THE CONTRACT: Westport Office Park, LLC Commercial Lease Agreement

THE GUEST: Mike Carlson has worked for the Minnesota State Bar Association for over 6 years as an attorney editor and recruitment director. Most recently, he has become Lawyaw’s template specialist. He has helped to improve connections between Minnesota attorneys, worked on document and workflow automations, and run his own practice focusing on copyright and trademark law. He has reviewed and drafted a wide variety of business agreements including franchise, licensing, lease, asset-purchase and others. He can be found on LinkedIn and Twitter (@MikeRCarlson).

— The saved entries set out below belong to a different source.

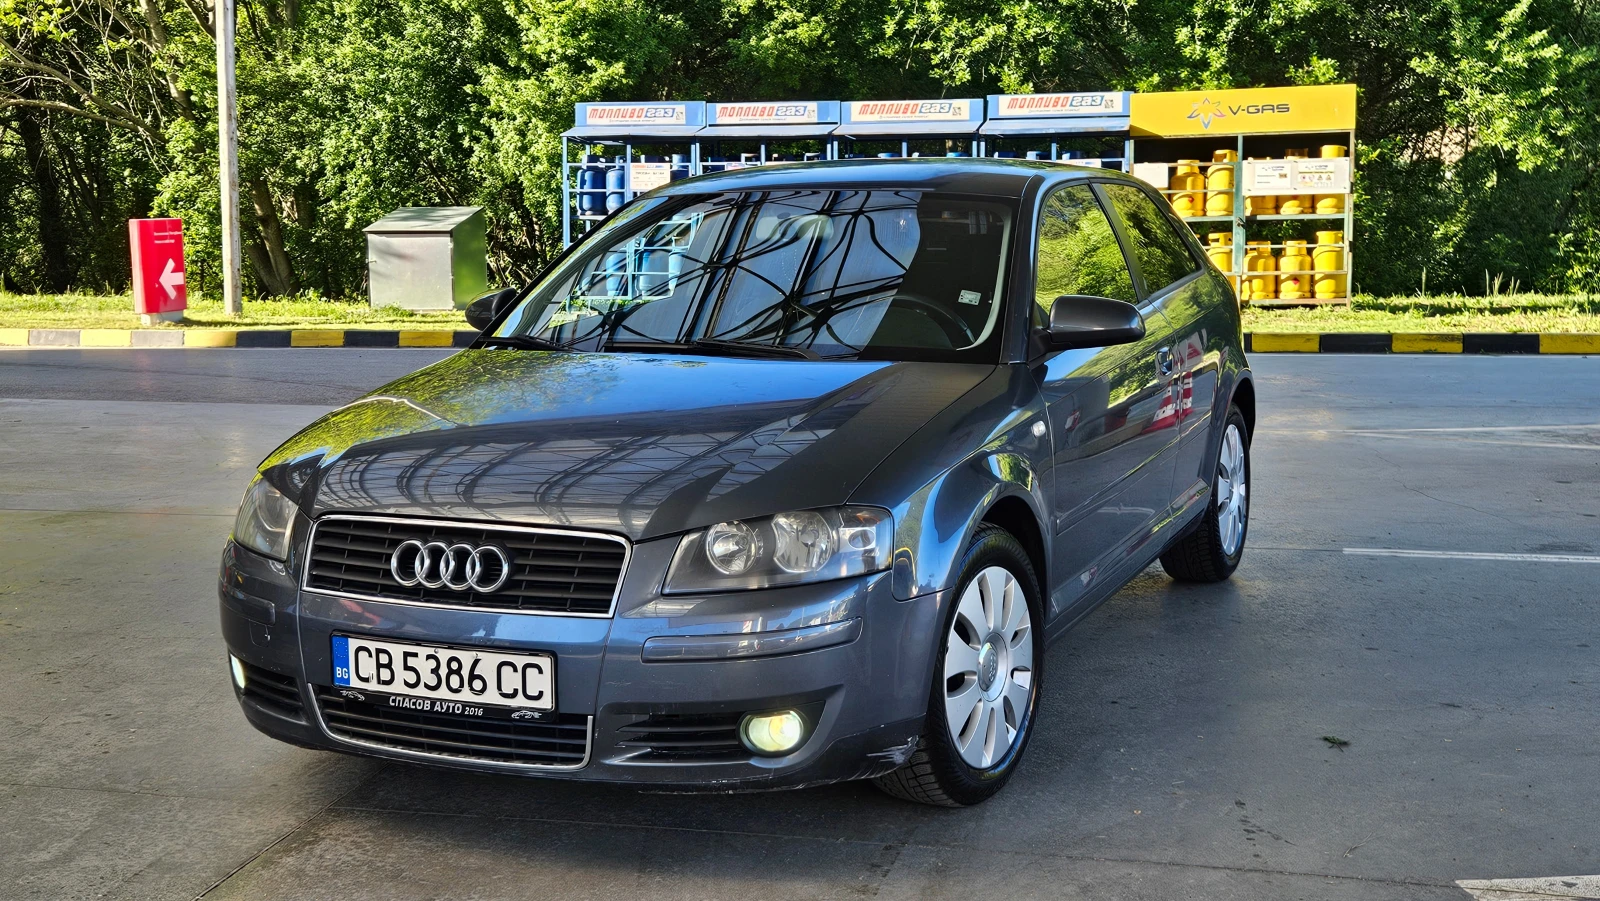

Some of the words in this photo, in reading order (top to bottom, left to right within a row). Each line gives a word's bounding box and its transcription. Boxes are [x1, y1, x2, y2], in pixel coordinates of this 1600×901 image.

[1228, 103, 1290, 116] V-GAS
[335, 666, 349, 679] BG
[402, 650, 488, 696] 5386
[389, 695, 431, 711] СПАСОВ
[433, 701, 463, 714] АУТО
[464, 706, 484, 716] 2016

THE HOST: Mike Whelan is the author of Lawyer Forward: Finding Your Place in the Future of Law and host of the Lawyer Forward community. Learn more about his work for attorneys at www.lawyerforward.com.

If you are interested in being a guest on Contract Teardown, please email us at community@lawinsider.com.

Transcript

Mike Carlson [00:00:00] The research on Law Insider did show in the last two years something like 60 instances of the term pandemic just in the last two years, the 20 years prior to that of, I think, 15 references last two years, you’ve seen a ton of.

Intro Voice [00:00:16] Welcome to the Contract Teardown show from Law Insider, where legal experts tear down contracts from some of the most well-known companies and high profile executives around the world.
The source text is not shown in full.